BEGIN RECORD SET
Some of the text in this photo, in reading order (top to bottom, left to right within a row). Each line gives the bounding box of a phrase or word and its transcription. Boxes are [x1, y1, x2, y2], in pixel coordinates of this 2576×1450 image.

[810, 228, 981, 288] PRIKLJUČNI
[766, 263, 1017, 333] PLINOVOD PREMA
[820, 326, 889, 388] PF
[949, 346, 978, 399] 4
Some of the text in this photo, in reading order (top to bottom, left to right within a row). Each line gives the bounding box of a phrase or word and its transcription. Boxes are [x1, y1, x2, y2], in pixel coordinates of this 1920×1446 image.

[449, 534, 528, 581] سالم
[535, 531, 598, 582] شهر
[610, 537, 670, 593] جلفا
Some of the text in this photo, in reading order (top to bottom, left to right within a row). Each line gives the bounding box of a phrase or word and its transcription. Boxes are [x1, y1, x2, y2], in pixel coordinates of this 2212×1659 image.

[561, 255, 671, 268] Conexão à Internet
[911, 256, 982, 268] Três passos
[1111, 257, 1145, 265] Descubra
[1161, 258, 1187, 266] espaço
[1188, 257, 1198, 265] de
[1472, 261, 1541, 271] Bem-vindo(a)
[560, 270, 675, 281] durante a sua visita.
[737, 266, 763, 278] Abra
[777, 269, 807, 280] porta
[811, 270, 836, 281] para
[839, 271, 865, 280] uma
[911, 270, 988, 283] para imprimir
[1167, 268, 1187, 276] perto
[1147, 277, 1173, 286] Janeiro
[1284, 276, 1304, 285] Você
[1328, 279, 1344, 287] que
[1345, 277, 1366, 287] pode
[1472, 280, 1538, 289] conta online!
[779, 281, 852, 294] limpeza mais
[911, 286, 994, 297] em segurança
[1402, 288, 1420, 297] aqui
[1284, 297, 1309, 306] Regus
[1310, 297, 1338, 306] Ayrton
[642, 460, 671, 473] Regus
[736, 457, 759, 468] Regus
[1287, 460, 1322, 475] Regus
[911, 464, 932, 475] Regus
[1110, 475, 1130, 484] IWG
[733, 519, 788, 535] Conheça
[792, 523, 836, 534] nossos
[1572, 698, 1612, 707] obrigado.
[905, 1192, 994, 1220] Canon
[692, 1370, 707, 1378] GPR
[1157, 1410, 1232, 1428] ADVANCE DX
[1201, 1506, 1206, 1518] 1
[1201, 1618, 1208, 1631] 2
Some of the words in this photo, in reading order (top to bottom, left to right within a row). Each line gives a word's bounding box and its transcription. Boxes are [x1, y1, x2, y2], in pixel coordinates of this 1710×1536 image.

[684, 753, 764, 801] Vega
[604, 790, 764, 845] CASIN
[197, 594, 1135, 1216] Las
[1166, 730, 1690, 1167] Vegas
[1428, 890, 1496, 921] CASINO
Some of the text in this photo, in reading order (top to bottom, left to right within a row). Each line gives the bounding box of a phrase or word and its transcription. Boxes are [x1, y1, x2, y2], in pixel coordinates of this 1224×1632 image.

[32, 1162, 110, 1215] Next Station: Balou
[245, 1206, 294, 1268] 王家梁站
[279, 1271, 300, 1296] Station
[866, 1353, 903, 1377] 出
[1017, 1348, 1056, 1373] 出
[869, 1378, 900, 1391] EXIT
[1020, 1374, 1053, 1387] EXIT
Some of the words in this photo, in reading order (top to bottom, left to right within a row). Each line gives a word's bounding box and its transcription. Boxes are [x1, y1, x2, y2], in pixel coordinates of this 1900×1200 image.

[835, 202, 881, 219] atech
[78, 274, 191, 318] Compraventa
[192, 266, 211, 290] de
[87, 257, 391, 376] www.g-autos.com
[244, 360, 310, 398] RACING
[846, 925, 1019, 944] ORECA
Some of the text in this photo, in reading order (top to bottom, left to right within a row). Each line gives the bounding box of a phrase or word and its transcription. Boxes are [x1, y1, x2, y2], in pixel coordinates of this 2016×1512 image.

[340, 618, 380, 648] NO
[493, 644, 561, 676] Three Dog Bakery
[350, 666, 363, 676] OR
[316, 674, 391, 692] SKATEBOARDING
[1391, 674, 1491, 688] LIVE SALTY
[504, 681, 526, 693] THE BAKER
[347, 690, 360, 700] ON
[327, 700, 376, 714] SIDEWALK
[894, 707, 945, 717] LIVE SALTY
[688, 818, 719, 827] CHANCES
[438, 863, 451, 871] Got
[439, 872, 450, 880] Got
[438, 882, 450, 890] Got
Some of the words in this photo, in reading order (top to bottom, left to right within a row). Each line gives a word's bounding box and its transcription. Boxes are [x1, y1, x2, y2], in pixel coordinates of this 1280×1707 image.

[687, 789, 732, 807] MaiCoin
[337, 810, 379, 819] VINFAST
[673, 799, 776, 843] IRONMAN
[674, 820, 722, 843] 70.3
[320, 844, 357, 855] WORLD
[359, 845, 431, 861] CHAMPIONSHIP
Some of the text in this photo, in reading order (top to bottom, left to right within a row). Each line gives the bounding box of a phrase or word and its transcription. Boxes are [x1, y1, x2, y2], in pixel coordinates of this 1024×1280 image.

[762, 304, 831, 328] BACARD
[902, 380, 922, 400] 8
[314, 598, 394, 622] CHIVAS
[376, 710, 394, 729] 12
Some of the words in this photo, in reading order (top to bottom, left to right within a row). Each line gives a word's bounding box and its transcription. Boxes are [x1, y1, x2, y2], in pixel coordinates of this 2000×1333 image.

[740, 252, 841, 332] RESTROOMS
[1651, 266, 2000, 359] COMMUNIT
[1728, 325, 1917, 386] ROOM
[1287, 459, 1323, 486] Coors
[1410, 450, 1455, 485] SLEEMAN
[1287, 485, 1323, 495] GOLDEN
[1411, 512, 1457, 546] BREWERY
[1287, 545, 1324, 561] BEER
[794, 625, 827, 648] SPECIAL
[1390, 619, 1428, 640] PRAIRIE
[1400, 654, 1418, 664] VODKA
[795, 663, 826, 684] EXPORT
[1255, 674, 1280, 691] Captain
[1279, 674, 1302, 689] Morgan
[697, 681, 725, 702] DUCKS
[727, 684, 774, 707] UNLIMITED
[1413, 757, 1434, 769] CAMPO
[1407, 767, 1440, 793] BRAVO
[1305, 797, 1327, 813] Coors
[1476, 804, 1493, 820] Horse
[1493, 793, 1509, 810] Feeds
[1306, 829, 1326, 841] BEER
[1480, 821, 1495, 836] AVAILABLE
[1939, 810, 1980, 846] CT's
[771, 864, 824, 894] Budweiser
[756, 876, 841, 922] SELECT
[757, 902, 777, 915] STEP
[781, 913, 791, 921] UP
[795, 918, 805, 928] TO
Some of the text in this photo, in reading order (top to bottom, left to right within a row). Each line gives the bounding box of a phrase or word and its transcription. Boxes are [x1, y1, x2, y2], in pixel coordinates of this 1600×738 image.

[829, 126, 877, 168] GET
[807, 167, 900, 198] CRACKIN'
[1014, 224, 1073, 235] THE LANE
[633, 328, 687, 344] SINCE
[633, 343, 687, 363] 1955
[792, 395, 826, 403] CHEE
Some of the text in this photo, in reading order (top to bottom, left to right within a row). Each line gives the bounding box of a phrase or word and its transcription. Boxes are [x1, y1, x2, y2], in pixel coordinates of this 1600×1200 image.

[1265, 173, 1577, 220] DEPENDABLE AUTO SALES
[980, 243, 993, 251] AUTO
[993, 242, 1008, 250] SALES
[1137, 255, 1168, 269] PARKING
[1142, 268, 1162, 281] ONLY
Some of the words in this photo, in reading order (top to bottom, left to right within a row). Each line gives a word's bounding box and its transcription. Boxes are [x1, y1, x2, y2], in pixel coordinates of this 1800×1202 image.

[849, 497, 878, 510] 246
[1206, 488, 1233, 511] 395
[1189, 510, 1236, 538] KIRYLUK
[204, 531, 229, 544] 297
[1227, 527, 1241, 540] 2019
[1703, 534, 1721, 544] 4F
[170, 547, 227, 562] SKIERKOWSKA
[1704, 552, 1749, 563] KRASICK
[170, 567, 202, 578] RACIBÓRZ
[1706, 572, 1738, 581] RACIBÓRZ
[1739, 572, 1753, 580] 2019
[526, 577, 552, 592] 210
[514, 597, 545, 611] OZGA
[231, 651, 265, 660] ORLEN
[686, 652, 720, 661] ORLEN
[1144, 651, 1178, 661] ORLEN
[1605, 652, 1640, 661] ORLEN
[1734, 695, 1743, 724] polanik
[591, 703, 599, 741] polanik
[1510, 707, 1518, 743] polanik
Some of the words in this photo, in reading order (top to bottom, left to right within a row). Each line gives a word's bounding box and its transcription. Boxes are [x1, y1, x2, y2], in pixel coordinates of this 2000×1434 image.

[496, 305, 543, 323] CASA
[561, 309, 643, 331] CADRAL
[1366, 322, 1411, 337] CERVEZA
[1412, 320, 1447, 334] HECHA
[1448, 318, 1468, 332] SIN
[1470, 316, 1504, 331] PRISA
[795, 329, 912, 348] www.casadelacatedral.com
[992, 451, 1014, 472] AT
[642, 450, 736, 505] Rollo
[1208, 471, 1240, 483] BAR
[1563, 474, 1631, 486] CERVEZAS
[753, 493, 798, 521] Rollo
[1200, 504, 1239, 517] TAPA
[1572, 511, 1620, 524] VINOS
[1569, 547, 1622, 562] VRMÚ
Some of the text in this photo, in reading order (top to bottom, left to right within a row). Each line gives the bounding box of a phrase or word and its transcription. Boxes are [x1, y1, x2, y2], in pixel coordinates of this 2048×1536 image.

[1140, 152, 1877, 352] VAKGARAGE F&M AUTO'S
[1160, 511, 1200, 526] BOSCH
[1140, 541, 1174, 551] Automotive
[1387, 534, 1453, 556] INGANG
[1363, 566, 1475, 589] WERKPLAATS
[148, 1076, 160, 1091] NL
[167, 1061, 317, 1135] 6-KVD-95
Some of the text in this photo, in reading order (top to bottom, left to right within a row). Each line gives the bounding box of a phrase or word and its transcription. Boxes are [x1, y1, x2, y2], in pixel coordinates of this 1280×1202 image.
END RECORD SET
WORK ORDER - Only the lines from the one with "this 2000×1434 image." to the end of the entries above belong in your answer. Retype them exactly.

RESPONSE -
Some of the words in this photo, in reading order (top to bottom, left to right within a row). Each line gives a word's bounding box and its transcription. Boxes are [x1, y1, x2, y2], in pixel coordinates of this 2000×1434 image.

[496, 305, 543, 323] CASA
[561, 309, 643, 331] CADRAL
[1366, 322, 1411, 337] CERVEZA
[1412, 320, 1447, 334] HECHA
[1448, 318, 1468, 332] SIN
[1470, 316, 1504, 331] PRISA
[795, 329, 912, 348] www.casadelacatedral.com
[992, 451, 1014, 472] AT
[642, 450, 736, 505] Rollo
[1208, 471, 1240, 483] BAR
[1563, 474, 1631, 486] CERVEZAS
[753, 493, 798, 521] Rollo
[1200, 504, 1239, 517] TAPA
[1572, 511, 1620, 524] VINOS
[1569, 547, 1622, 562] VRMÚ
Some of the text in this photo, in reading order (top to bottom, left to right within a row). Each line gives the bounding box of a phrase or word and its transcription. Boxes are [x1, y1, x2, y2], in pixel coordinates of this 2048×1536 image.

[1140, 152, 1877, 352] VAKGARAGE F&M AUTO'S
[1160, 511, 1200, 526] BOSCH
[1140, 541, 1174, 551] Automotive
[1387, 534, 1453, 556] INGANG
[1363, 566, 1475, 589] WERKPLAATS
[148, 1076, 160, 1091] NL
[167, 1061, 317, 1135] 6-KVD-95
Some of the text in this photo, in reading order (top to bottom, left to right within a row). Each line gives the bounding box of a phrase or word and its transcription. Boxes are [x1, y1, x2, y2], in pixel coordinates of this 1280×1202 image.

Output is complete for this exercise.